Ayer, charlando con Dani, evoqué un momento muy intenso de mi vida. Tenía cuatro años. Esto lo se exactamente porque me fijé en Wikipedia. Fui con mi familia a algún lugar para ver pasar el cometa Halley. 1986, como este, año de mundial. El cometa Halley pasa cada 74 años, y yo esa tarde estaba disfrazado de El Hombre Araña. El traje completo. Recuerdo que la parte de la máscara me daba calor (en el sentido social), y sólo me la puse cuando algunos (que, ahora que lo pienso, debían ser habitantes de planetas anteriores) empezaron a vocear que se venía, se viene se viene el cometa.
¡¡¡¡¡AH!!!!!!
“Barrilete cósmico, de qué planeta viniste…”. 1986. Es por esto que a Víctor Hugo Morales se le ocurrió esa metáfora el día del gol de maradona a los ingleses. Escribo maradona con minúscula a propósito, ojo, aunque no sé cuál es el propósito. O sea que vamos a volver a salir campeones del mundo dentro de aproximadamente cincuenta años. Voy a pedir que me entierren con el traje de El Hombre Araña, para estar bajo tierra pero a la altura de los acontecimientos.

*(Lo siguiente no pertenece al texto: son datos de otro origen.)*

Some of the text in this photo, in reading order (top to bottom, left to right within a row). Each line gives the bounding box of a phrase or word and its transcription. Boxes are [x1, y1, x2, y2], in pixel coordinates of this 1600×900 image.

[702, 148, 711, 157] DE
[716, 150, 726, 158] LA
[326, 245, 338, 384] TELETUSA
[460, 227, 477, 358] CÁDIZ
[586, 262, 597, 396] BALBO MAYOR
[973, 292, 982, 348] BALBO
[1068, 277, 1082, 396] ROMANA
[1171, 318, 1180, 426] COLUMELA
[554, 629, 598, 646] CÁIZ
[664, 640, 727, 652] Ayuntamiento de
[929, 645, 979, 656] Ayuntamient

En esa época ya era relator de fútbol. Me encerraba en mi cuarto y relataba partidos de Ñuls mientras los imaginaba. Dos tiempos de cuarenta y cinco minutos. Podría mentir y decir que mi modelo de relator, mi primer ídolo, fue Víctor Hugo Morales, pero. Mi modelo era un relator de una radio de Rosario que llegaba, a duras penas y haciendo malabares con la antena de la radio, a Buenos Aires. Aprendí de la distancia y las interferencias.

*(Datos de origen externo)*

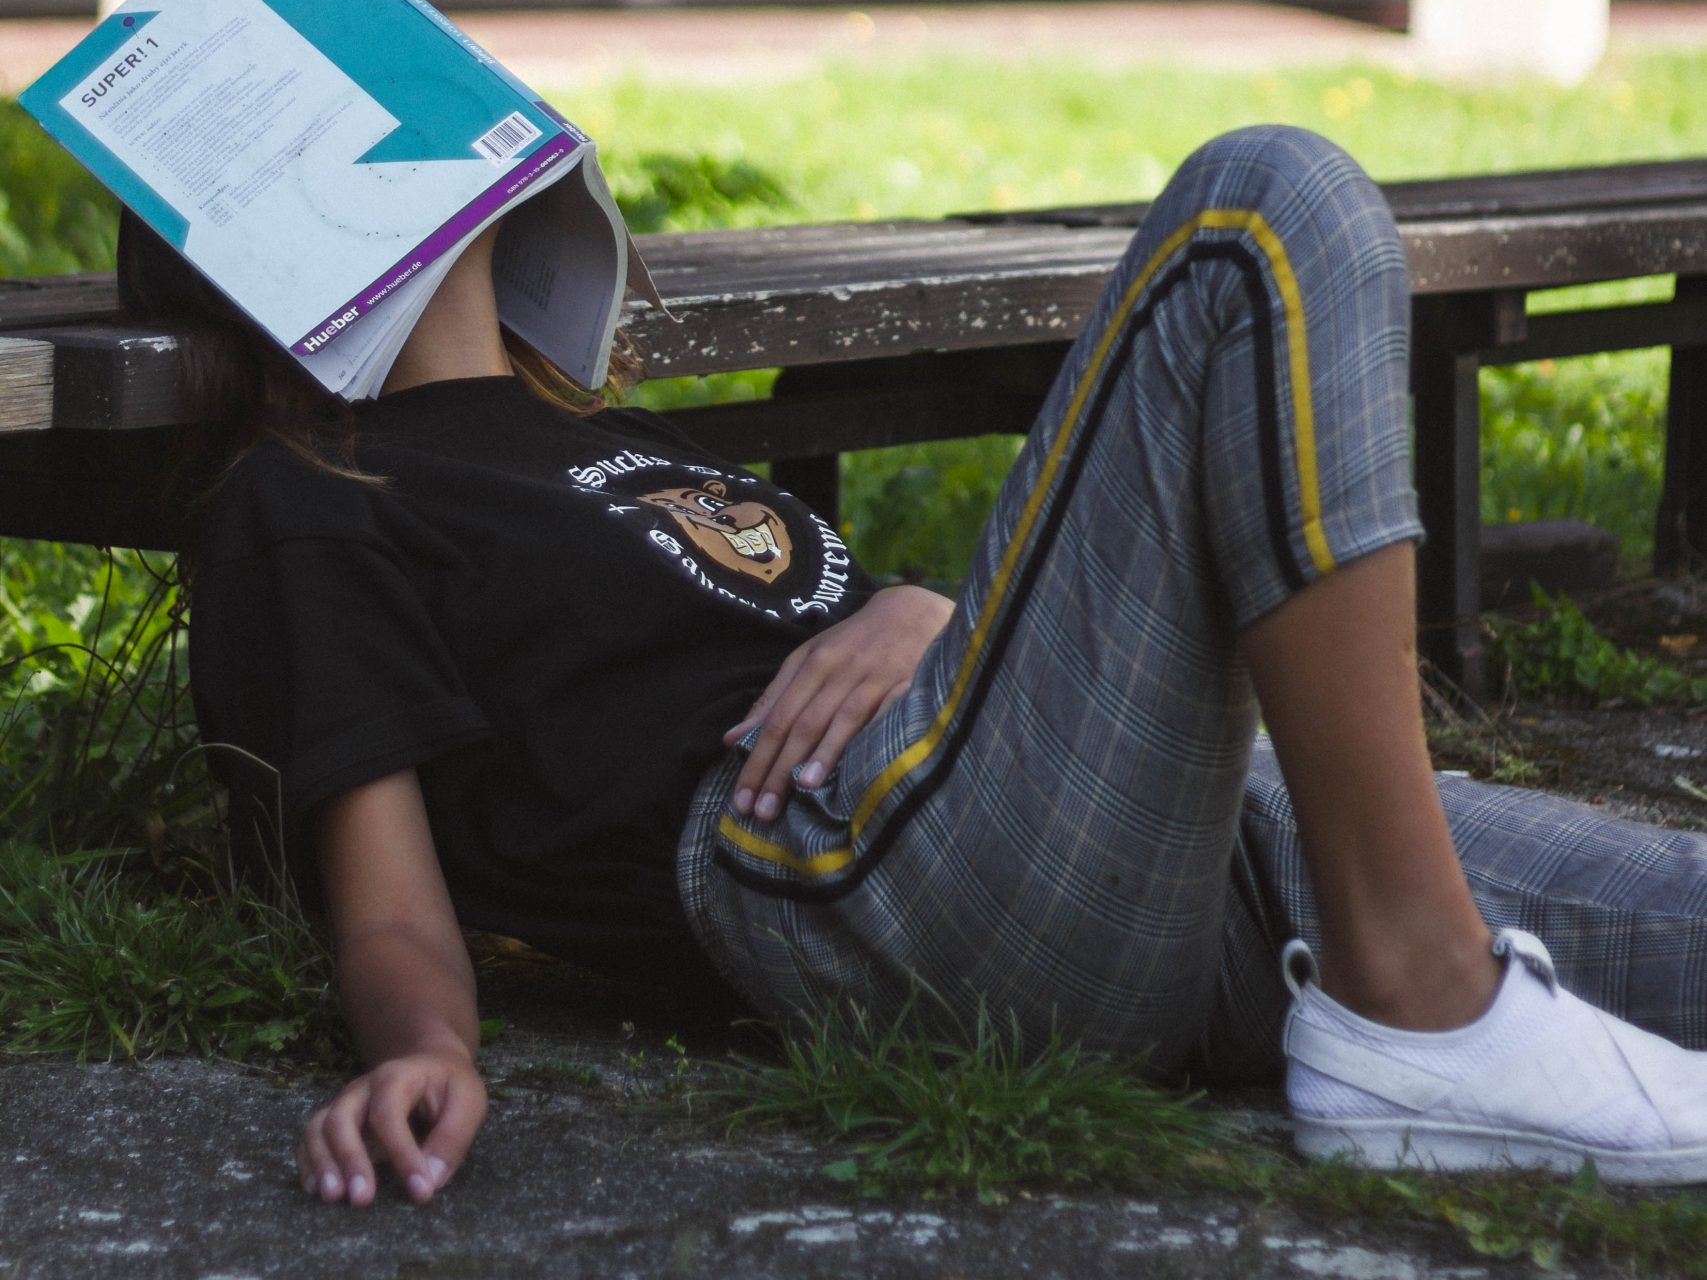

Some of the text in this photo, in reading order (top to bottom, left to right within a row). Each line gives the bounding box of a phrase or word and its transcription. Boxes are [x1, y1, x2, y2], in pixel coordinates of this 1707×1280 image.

[81, 36, 160, 108] SUPER! 1
[366, 261, 422, 305] www.hueber.de
[303, 306, 361, 352] Hueber
[568, 450, 672, 488] Sucks

Este año estuve en Rosario, en el final de una cadena de sucesos. Agustín me pidió que escribiera algún ensayo sobre fútbol. La escritura a pedido tiene mala prensa, supongo que porque los que la desprecian no son escritores y son unos cretinos. Es genial que te pidan que escribas. ¿Qué más podría pedir que me pidan? Escribí un ensayo sobre los jugadores borrachos, y otro sobre Ñuls. Dos de mis pasiones irracionales (por lo tanto) sentimentales más grandes. Armamos y publicamos el libro de ensayos sobre fútbol junto a varios otros, y fuimos a presentarlo a Rosario. Esa noche, charlando con Juan, uno de los compiladores del libro, que horas antes me había prohibido leer el texto de Ñuls en la presentación (haciendo honor al apodo de “canalla” con que ellos nombran a su cluBcito), le conté de esta pasión mía de la infancia, y resulta que él hacía exactamente lo mismo. No lo podíamos creer. Hinchas de los equipos enemigos, en distintas ciudades, compartíamos el juego solitario y sus rituales. Algún día debemos haber relatado un clásico rosarino al mismo tiempo, aunque con resultados opuestos. No pude sostener la fuerte intención de no quererlo que había engendrado hacía unas horas.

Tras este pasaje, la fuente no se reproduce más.